Первое вознаграждение за вступление в партию Манфред получил почти мгновенно: когда началась избирательная кампания всеобщих выборов 1948 года, Манфреда де ла Рея выдвинули как кандидата от Национальной партии на скромное место от голландских готтентотов.
За два года до этого на дополнительных выборах это место получил представитель Объединенной партии Смэтса, молодой герой войны из богатой англоязычной кейптаунской семьи. Занимавший это место Шаса Кортни теперь был выдвинут и на всеобщие выборы кандидатом от Объединенной партии.
Манфреду де ла Рею предлагали другое, более безопасное место, но он намеренно выбрал район гор Хоттентотс-Холланд. Ему хотелось получить возможность снова столкнуться с Шасой Кортни. Он живо помнил их первую встречу на рыбацком причале в Уолфиш-Бей. С тех пор их судьбы, казалось, стали необъяснимым образом связаны в гордиев узел, и Манфред чувствовал, что должен еще раз встретиться с этим противником лицом к лицу и распутать этот узел.
Готовясь к предвыборной кампании, а также ради удовлетворения собственной ненависти, Манфред начал изучать семью Кортни, в особенности самого Шасу и его мать, миссис Сантэн де Тири-Кортни. Почти сразу обнаружился таинственный провал в прошлом этой женщины, и провал становился все глубже по мере изучения.

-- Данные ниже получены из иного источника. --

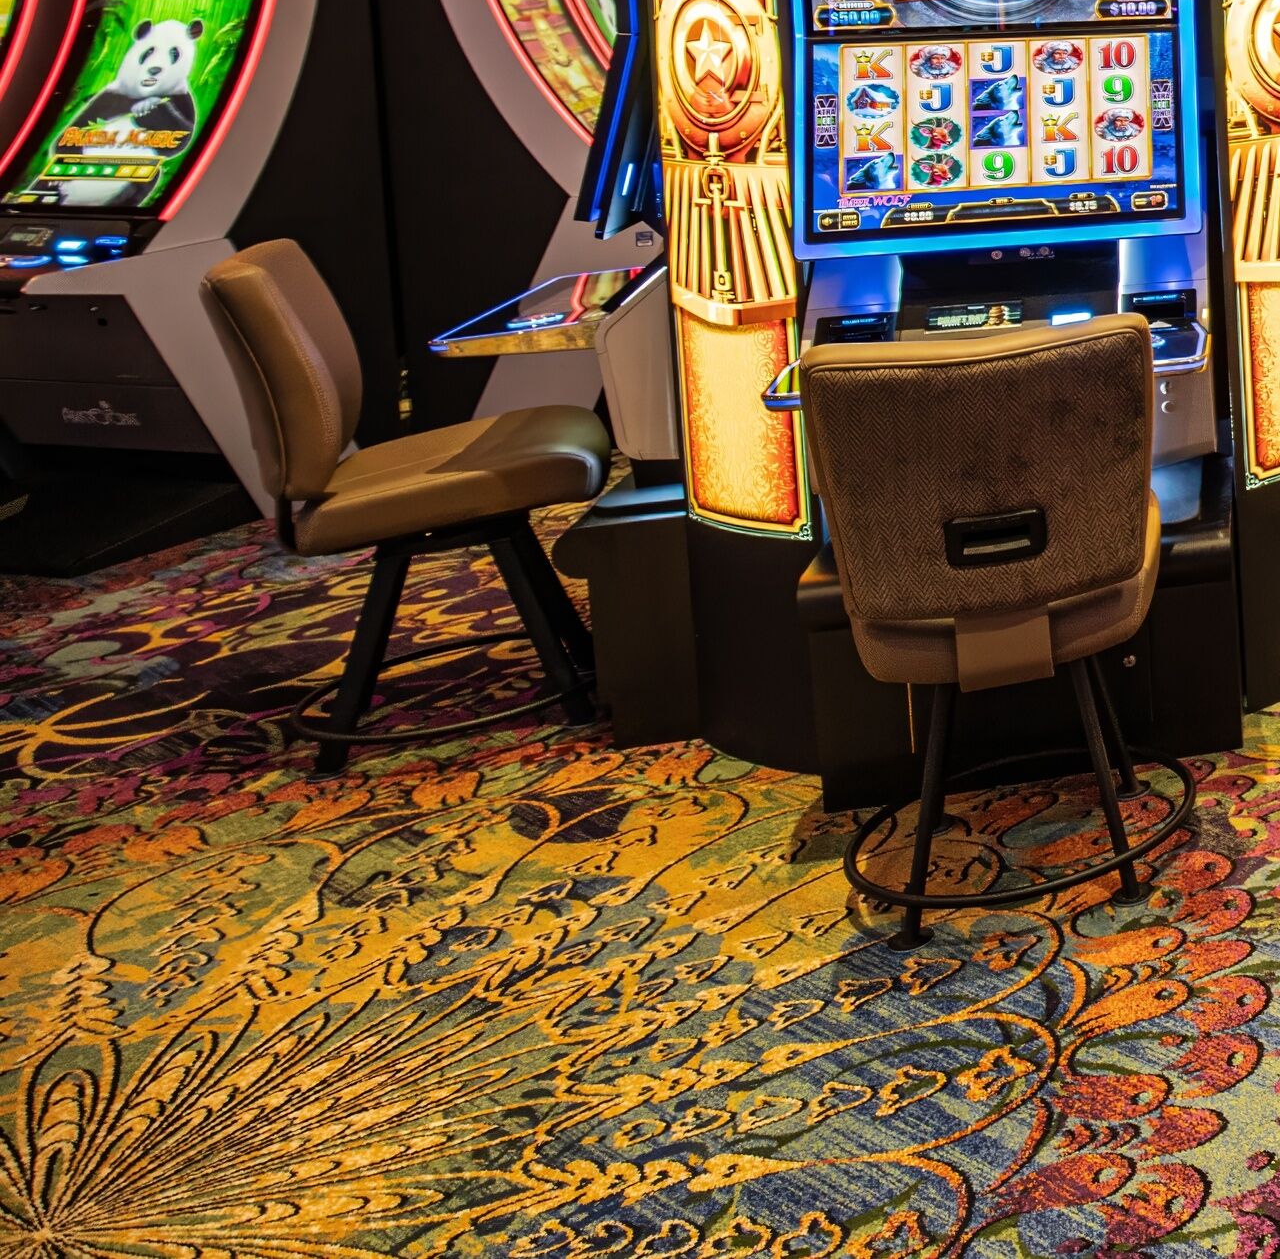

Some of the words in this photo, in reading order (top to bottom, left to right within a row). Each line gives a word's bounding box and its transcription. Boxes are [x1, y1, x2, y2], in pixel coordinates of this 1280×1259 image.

Наконец Манфред набрался духа и нанял одну парижскую фирму для подробного частного расследования прошлого семьи Сантэн и ее происхождения.
Во время одного из ежемесячных визитов к отцу в Центральную тюрьму Претории Манфред заговорил о Кортни и умолял немощного старого человека рассказать ему все, что тот знал о них.
Когда началась предвыборная кампания, Манфред уже знал, что его расследование дало ему важное преимущество, и с азартом и решимостью ринулся в самую гущу южноафриканских выборов.